あの【ランゼルート】に復讐を遂げるまではな!!!】
そう言いきった【ガルザヴォーク】は黒炎を今まで以上に滾らせて放出し始めた。
黒炎が鱗と鱗の間から漏れ出る様子を見て俺は若干怯んだが、一応【ガルザヴォーク】はこの場では味方だ。
そう思い直して【アイシア】へと向き直る。
「何度でも封印して、世界に平穏をもたらします!
【緑王絶対封印】!」
【アイシア】は地面から鎖を生成して一気に弾幕を張るかのように飛ばしてきた。
「フェイちゃん、俺たちも負けてられないよ!
さっきまでみたいにアシスト頼むね!」
了解だ、後輩!
俺は【堕枝深淵】を発動して鎖を絡めとり、そのまま鎖を伝わせて【アイシア】に黒枝を伸ばしていく。

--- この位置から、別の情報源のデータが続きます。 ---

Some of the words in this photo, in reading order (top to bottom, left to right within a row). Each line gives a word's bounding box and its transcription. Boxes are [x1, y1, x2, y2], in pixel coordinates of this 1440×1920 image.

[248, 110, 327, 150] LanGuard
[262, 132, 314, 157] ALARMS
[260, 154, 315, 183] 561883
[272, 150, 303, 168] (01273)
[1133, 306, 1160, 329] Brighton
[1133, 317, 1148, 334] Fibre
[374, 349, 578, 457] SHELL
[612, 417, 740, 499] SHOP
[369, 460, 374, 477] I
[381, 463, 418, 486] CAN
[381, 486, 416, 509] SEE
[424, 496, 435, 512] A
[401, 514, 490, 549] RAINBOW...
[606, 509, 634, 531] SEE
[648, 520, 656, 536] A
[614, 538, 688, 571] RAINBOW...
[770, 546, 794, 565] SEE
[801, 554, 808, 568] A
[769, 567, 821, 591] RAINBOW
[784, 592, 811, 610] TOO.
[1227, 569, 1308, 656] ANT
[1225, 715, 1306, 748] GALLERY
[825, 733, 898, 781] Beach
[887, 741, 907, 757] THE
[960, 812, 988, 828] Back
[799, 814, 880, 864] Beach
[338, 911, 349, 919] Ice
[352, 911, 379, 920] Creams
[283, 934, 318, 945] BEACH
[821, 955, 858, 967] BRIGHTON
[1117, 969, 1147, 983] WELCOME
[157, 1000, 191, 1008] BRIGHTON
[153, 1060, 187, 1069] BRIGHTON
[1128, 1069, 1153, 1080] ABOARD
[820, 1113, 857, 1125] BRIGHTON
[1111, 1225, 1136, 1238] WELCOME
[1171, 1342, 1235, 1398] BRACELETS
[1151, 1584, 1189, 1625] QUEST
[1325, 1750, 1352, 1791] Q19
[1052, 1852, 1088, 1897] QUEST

今までは【アイシア】への距離が遠すぎたので鎖を束ねるだけだったが、ここまで距離を詰められたのなら話は別だ。
鎖の束を渦巻くように黒枝で纏める軌道を描き、その軌道を維持したまま【アイシア】へと迫っていく。
「この忌々しい封印の鎖を断ち切らせてもらうよ!
スキル発動!【刃状風竜】!」
【フランベルジェナイト】は風の流れを作り出すスプリンクラーを設置し、斬撃を放つ。
風の流れに乗った【フランベルジェナイト】はレイドボスにも負けず劣らずのスピードで【アイシア】へと接近し、近寄ってくる鎖を黒炎を纏わせたフランベルジェで切り落としていく。
そして、近場にあった鎖も【刃状風竜】の追撃斬撃で牽制されており【フランベルジェナイト】の道を阻むものは次々に地面へ堕ちていく。
「くっ、スキル発動!【緑王樹林】!」
【アイシア】は迫り来る黒枝と【フランベルジェナイト】に対処すべく新たにスキルを使用してきた。

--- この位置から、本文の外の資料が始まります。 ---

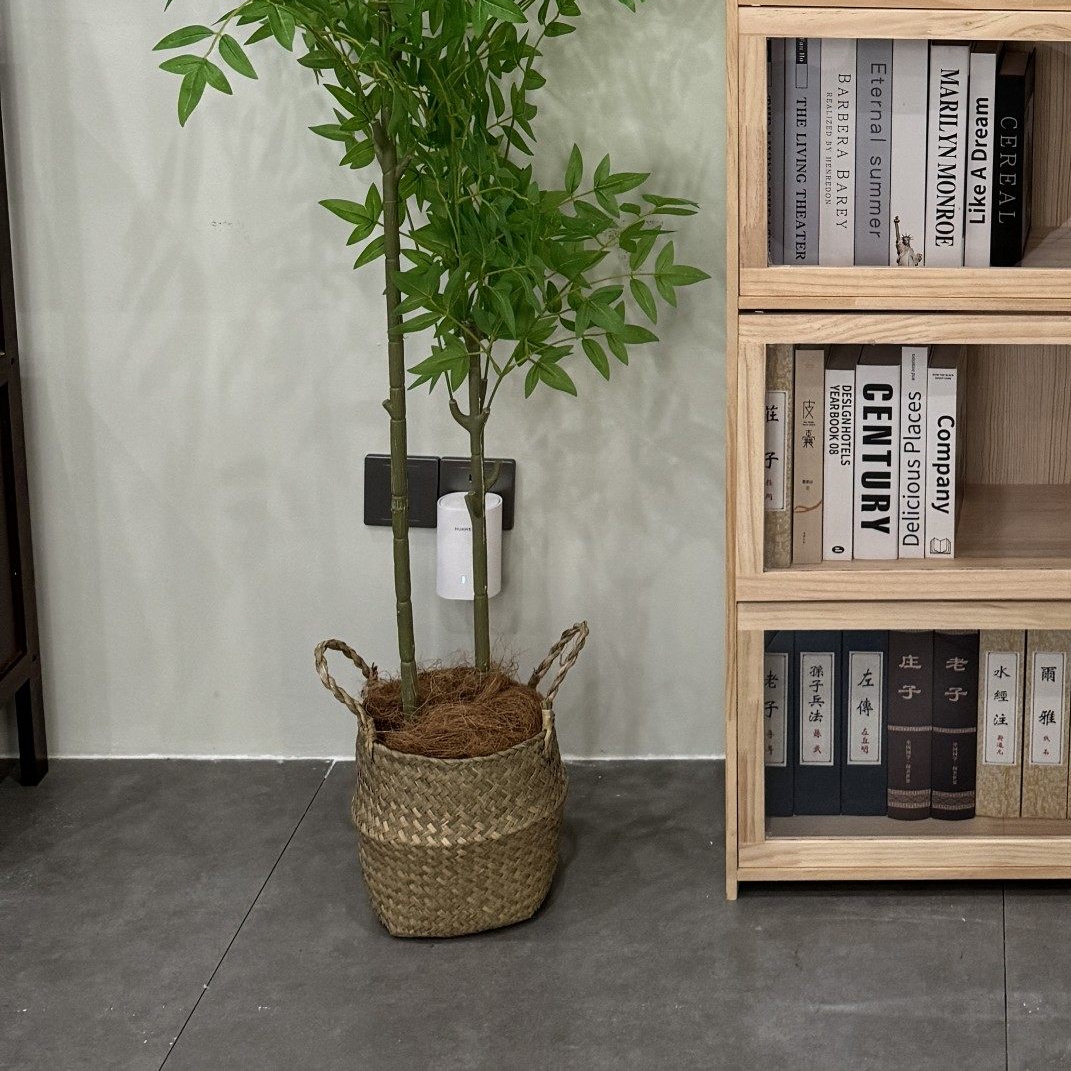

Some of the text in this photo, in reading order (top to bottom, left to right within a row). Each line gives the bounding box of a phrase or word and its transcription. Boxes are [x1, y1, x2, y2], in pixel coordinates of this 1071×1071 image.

[795, 97, 807, 260] THE LIVING THEATER
[824, 92, 833, 205] REALIZED BY HENREDON
[836, 73, 851, 229] BARBERA BAREY
[869, 63, 887, 238] Eternal summer
[935, 68, 960, 247] MARILYN MONROE
[968, 97, 989, 225] Like A Dream
[998, 116, 1018, 224] CEREAL
[829, 442, 839, 455] 08
[860, 383, 894, 534] CENTURY
[901, 391, 922, 547] Delicious Places
[931, 415, 955, 514] Company
[808, 665, 825, 723] 孫子兵法
[857, 668, 874, 717] 左傳
[898, 654, 922, 700] 庄子
[944, 657, 968, 702] 老子
[993, 665, 1011, 726] 水經注
[1038, 666, 1058, 727] 爾雅
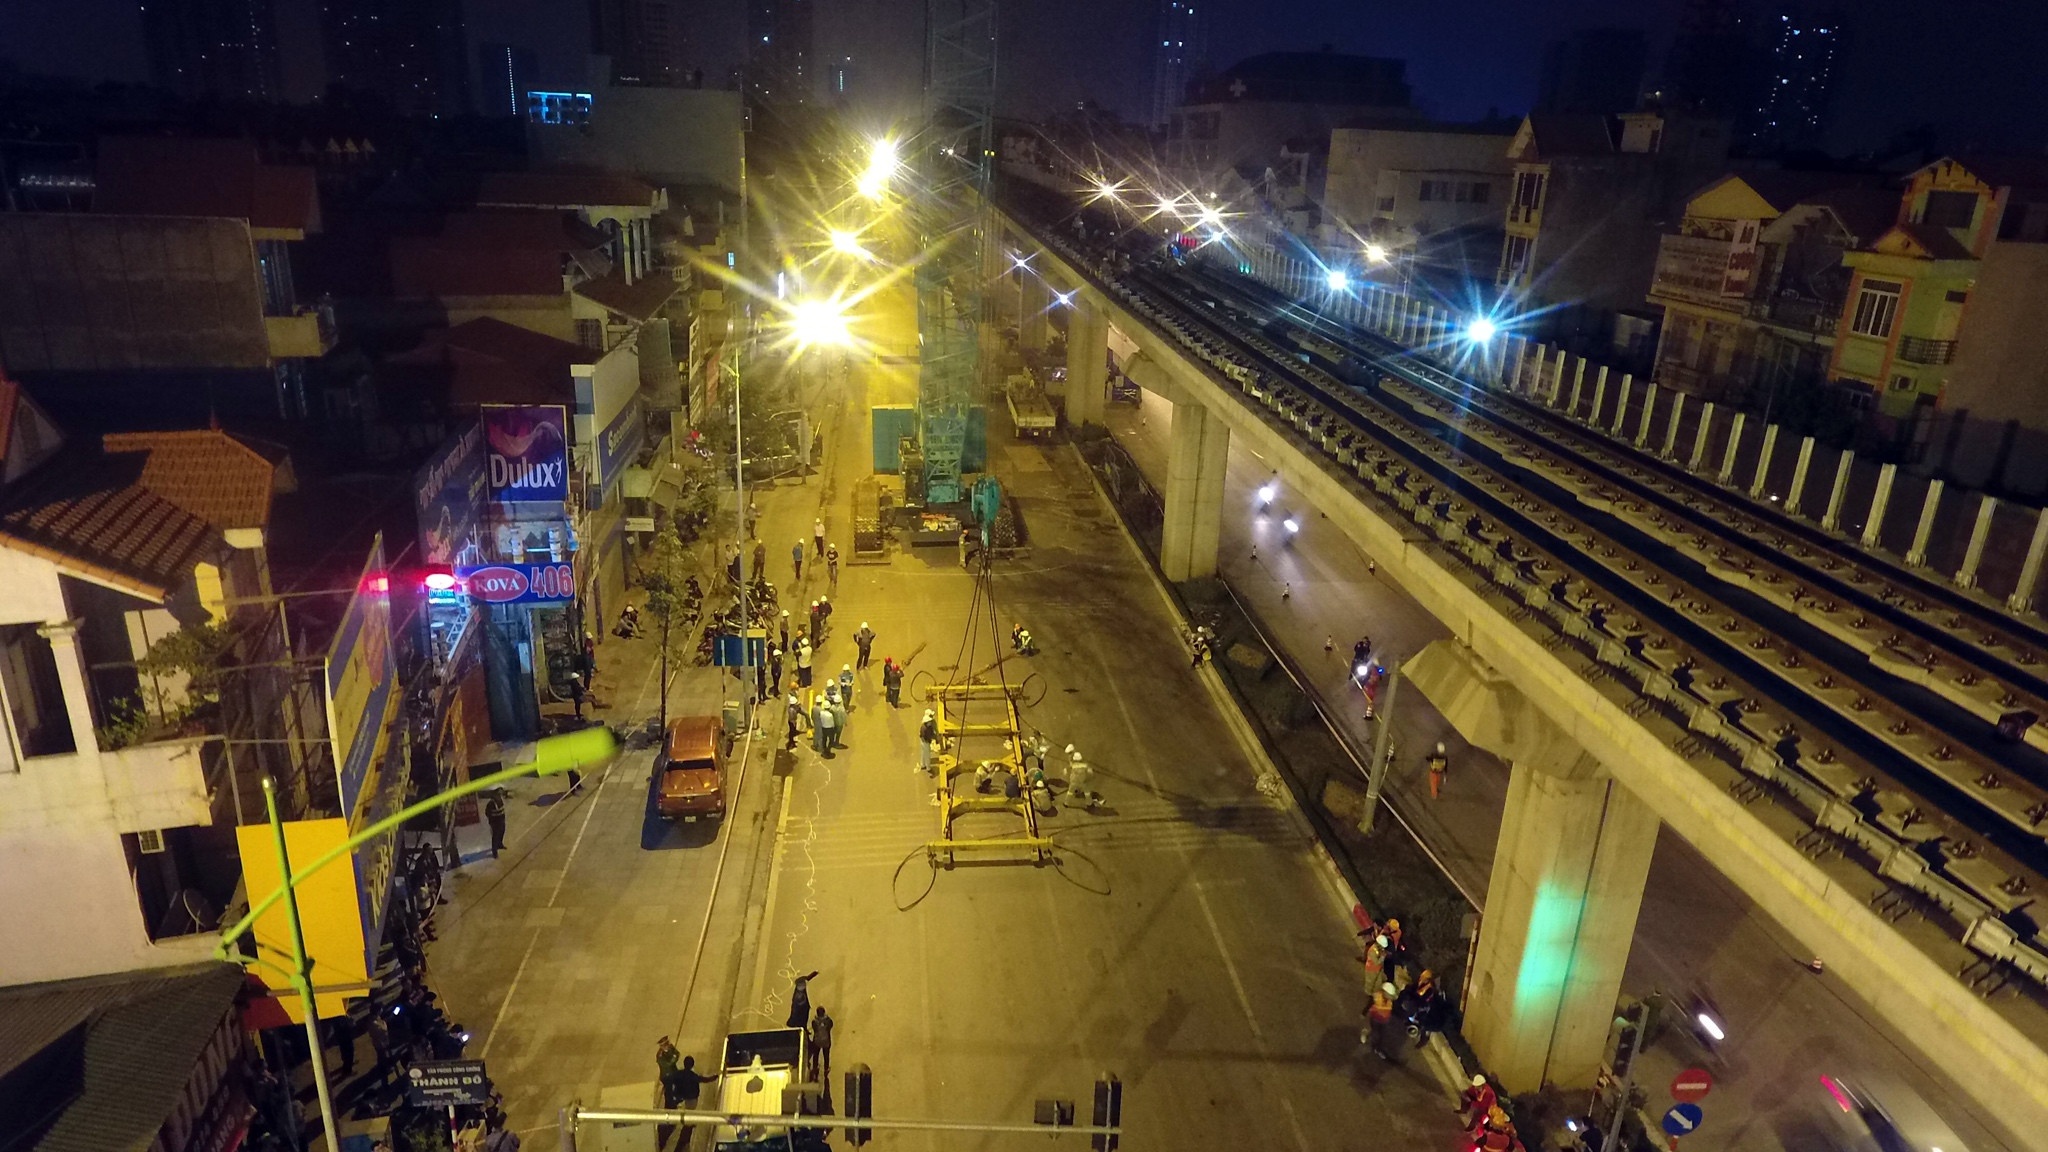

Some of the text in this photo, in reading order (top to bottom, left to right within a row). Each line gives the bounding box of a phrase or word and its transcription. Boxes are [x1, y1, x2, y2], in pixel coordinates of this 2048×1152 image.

[490, 454, 556, 488] Dulux
[475, 577, 520, 593] KOVA
[530, 565, 574, 598] 406

スキルが起動すると地面から樹木が壁になるように生えてきて、黒枝と【フランベルジェナイト】の攻撃から【アイシア】の身を守るようにして立ち塞がった。
「フランベルジェの攻撃が通らないっ!?
黒炎の付与があっても地力の差が埋められていないのか!?」
俺の黒枝は進路を変えて上空へと誘導され、【フランベルジェナイト】のフランベルジェによる攻撃は弾き返されてしまった。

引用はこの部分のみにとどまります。